Here at the centre of the old factory, intoxicated by the smell of new leather, I took a moment to appreciate this extraordinary industrial structure, designed to admit Northern light from rows of windows in the roof, creating an interior space almost ecclesiastical in its luminosity. Ancient photographs, ledgers, racks for time cards and most importantly old machines – well-maintained and working as well as ever – attest to more than century of shoemaking within these walls.
Nearby, a bevy of local ladies manned sewing machines and other cunning devices, joining pieces of the uppers together and punching those wonderful patterns that characterise the brogues which are a speciality here.
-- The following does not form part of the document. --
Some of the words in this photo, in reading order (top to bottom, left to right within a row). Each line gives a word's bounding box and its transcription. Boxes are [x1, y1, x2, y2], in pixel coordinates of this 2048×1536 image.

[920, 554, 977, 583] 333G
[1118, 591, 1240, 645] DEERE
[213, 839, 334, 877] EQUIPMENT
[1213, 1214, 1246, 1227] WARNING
This is known as the closing department. On the floor below, these uppers are moulded around the last and attached to the sole using the famous Goodyear Welting process. Sewing a strip of leather around the upper to join it to the sole makes it more waterproof and permits the option of removing the entire sole in years to come which means the shoe can be refurbished almost endlessly. This takes place in the lasting and making department. Once the heel is attached, the “making” of the shoe is complete and then after careful finishing, trimming, stamping, waxing and buffing, it arrives in the boot room where Sharon Morris fits the laces and Mavis Glen gives it a good polish. The whole process has taken three weeks to make as beautiful a pair of shoes as you could wish, in the traditional manner.
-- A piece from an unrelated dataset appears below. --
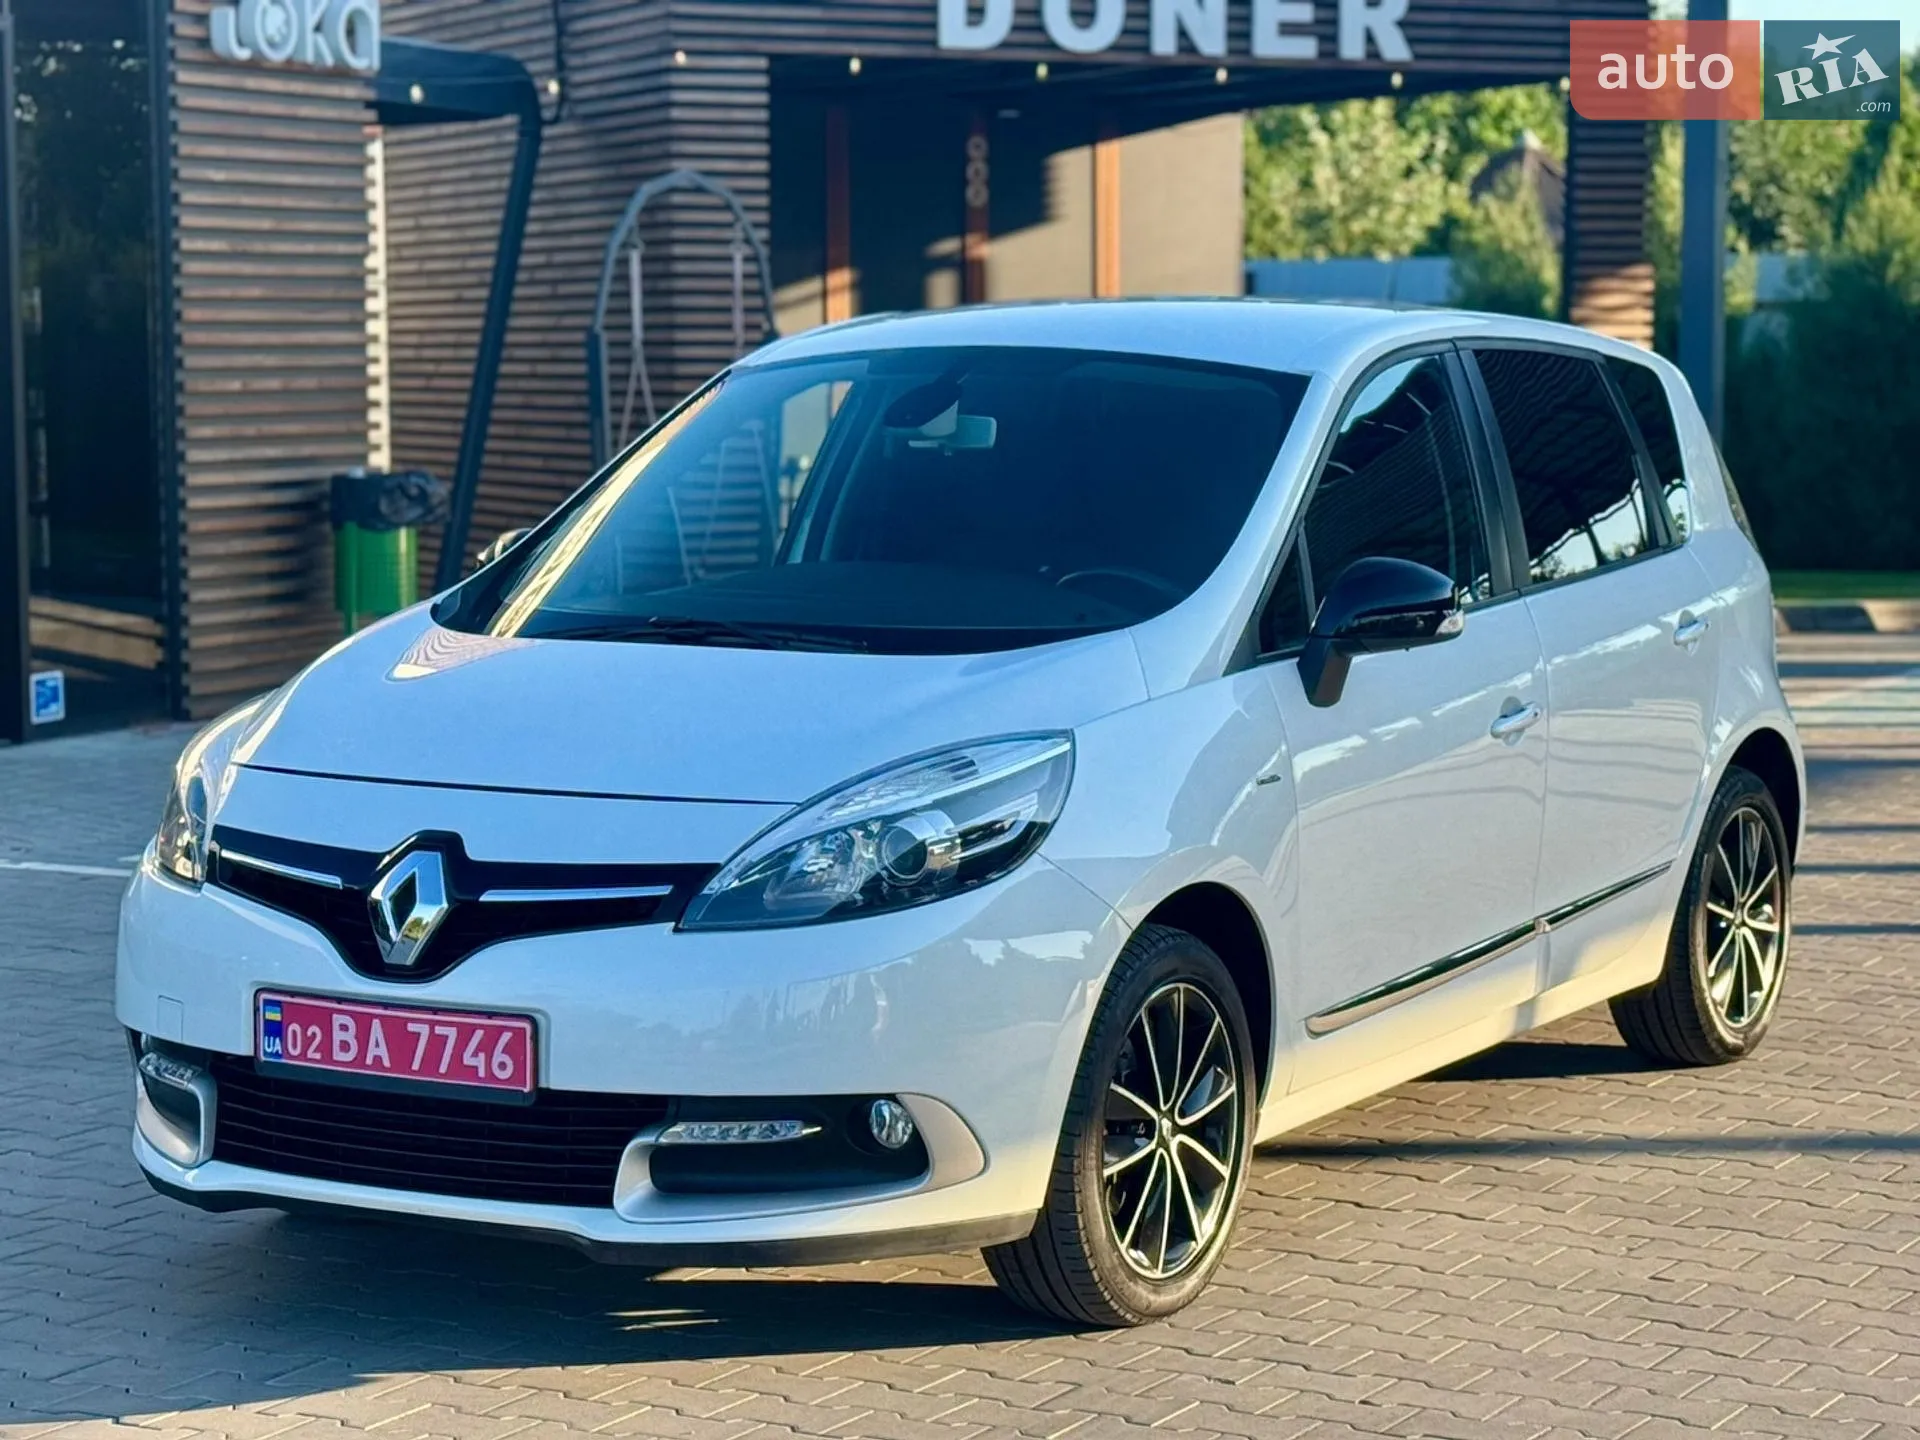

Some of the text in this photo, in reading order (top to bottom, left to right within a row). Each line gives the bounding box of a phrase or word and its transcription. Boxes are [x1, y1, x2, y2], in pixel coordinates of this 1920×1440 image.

[264, 1035, 283, 1055] UA
[286, 1013, 515, 1080] 02 BA 7746
Yet this magnificent factory is not, as you might assume, some arcane endeavour quietly fading into obsolescence, like so many of the other Northamptonshire shoe factories that have gone forever. Instead, Grenson is enjoying a renaissance. Breaking his customary reserve, Roger turned positively declamatory to assure me “The future is very good for us.”
Today, he works very closely with new proprietor Tim Little to create shoes he describes as “traditional footwear with a little bit of a twist – a livelier look,” and the result has been that Grenson shoes have become popular with a whole new generation of younger customers, alongside those who have always bought their classic English styles.
“We were the first to bring out platform shoes for men in the seventies,” Roger reminded me, just in case I had assumed he was complete fogey. In fact, the current evolution of Grenson has been achieved through more subtle means, retaining the integrity of Roger’s classic shoe patterns while introducing different colours and soles to make them contemporary.
From his modest office on the top floor, Tim Little is evangelical to uphold the Grenson tradition and make it relevant in the twenty-first century. “There’d be no point, if I didn’t love English shoes and the way they have evolved,” he confided to me, committed to keep William Green’s business alive in Rushden, and to be selling shoes in London where his predecessor took orders a hundred and fifty years ago.
Rachel Brice has been here ten years and Jane Norman thirty-two years.
Lainie Alcock has been here fourteen years.
Robert Taylor, Clicking Room Foreman, has worked at Grenson since 1969.
Peter Neagle in the lasting room.
Dave Alcock ( Lainey’s husband) has worked here thirteen years.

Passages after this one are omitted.